-- DESCRIPTION OF THE TASK --
Make an exact copy of the listing below.

-- DATA SECTION --
────

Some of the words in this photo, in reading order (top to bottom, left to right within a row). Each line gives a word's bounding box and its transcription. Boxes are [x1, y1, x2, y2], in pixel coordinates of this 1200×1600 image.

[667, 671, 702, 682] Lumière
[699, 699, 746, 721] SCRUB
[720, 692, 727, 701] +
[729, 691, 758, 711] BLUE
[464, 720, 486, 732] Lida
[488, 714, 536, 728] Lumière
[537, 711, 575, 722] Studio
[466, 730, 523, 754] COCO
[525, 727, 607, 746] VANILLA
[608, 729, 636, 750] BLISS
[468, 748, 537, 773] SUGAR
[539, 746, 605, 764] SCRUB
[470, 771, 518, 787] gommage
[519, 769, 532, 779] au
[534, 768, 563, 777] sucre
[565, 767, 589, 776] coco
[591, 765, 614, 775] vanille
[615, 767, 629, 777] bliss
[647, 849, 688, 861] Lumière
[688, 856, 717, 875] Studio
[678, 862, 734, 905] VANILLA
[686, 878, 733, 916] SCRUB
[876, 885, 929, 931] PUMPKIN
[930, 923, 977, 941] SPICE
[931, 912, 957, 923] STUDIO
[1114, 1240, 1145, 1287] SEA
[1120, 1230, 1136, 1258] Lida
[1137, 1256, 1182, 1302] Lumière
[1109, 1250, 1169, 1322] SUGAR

────

-- ANSWER SPACE --
Some of the words in this photo, in reading order (top to bottom, left to right within a row). Each line gives a word's bounding box and its transcription. Boxes are [x1, y1, x2, y2], in pixel coordinates of this 1200×1600 image.

[667, 671, 702, 682] Lumière
[699, 699, 746, 721] SCRUB
[720, 692, 727, 701] +
[729, 691, 758, 711] BLUE
[464, 720, 486, 732] Lida
[488, 714, 536, 728] Lumière
[537, 711, 575, 722] Studio
[466, 730, 523, 754] COCO
[525, 727, 607, 746] VANILLA
[608, 729, 636, 750] BLISS
[468, 748, 537, 773] SUGAR
[539, 746, 605, 764] SCRUB
[470, 771, 518, 787] gommage
[519, 769, 532, 779] au
[534, 768, 563, 777] sucre
[565, 767, 589, 776] coco
[591, 765, 614, 775] vanille
[615, 767, 629, 777] bliss
[647, 849, 688, 861] Lumière
[688, 856, 717, 875] Studio
[678, 862, 734, 905] VANILLA
[686, 878, 733, 916] SCRUB
[876, 885, 929, 931] PUMPKIN
[930, 923, 977, 941] SPICE
[931, 912, 957, 923] STUDIO
[1114, 1240, 1145, 1287] SEA
[1120, 1230, 1136, 1258] Lida
[1137, 1256, 1182, 1302] Lumière
[1109, 1250, 1169, 1322] SUGAR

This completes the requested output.